The complete listing below should be transcribed precisely.

┌──

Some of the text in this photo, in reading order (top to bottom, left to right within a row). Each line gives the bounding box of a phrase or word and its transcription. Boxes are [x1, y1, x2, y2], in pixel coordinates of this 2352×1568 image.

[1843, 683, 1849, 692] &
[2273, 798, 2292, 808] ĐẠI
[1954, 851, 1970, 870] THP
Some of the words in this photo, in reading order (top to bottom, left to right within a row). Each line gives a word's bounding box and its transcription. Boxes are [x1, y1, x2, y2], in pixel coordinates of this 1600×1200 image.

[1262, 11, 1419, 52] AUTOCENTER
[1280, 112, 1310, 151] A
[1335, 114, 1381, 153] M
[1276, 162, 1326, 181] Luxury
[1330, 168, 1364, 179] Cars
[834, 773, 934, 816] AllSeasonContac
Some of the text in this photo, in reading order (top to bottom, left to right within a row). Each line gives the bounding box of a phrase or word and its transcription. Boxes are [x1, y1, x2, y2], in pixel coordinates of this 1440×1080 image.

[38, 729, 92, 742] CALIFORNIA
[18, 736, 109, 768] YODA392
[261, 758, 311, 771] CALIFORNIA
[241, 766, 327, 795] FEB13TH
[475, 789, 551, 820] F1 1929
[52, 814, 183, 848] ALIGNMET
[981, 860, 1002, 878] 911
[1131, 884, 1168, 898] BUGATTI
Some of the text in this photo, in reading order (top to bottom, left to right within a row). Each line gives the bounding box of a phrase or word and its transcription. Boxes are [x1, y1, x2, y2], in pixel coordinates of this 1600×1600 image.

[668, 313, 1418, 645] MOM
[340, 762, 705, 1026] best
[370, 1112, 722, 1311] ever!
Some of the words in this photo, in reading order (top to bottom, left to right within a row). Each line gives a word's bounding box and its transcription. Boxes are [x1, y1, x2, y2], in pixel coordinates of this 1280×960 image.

└──

**Task solution**
Some of the text in this photo, in reading order (top to bottom, left to right within a row). Each line gives the bounding box of a phrase or word and its transcription. Boxes are [x1, y1, x2, y2], in pixel coordinates of this 2352×1568 image.

[1843, 683, 1849, 692] &
[2273, 798, 2292, 808] ĐẠI
[1954, 851, 1970, 870] THP
Some of the words in this photo, in reading order (top to bottom, left to right within a row). Each line gives a word's bounding box and its transcription. Boxes are [x1, y1, x2, y2], in pixel coordinates of this 1600×1200 image.

[1262, 11, 1419, 52] AUTOCENTER
[1280, 112, 1310, 151] A
[1335, 114, 1381, 153] M
[1276, 162, 1326, 181] Luxury
[1330, 168, 1364, 179] Cars
[834, 773, 934, 816] AllSeasonContac
Some of the text in this photo, in reading order (top to bottom, left to right within a row). Each line gives the bounding box of a phrase or word and its transcription. Boxes are [x1, y1, x2, y2], in pixel coordinates of this 1440×1080 image.

[38, 729, 92, 742] CALIFORNIA
[18, 736, 109, 768] YODA392
[261, 758, 311, 771] CALIFORNIA
[241, 766, 327, 795] FEB13TH
[475, 789, 551, 820] F1 1929
[52, 814, 183, 848] ALIGNMET
[981, 860, 1002, 878] 911
[1131, 884, 1168, 898] BUGATTI
Some of the text in this photo, in reading order (top to bottom, left to right within a row). Each line gives the bounding box of a phrase or word and its transcription. Boxes are [x1, y1, x2, y2], in pixel coordinates of this 1600×1600 image.

[668, 313, 1418, 645] MOM
[340, 762, 705, 1026] best
[370, 1112, 722, 1311] ever!
Some of the words in this photo, in reading order (top to bottom, left to right within a row). Each line gives a word's bounding box and its transcription. Boxes are [x1, y1, x2, y2], in pixel coordinates of this 1280×960 image.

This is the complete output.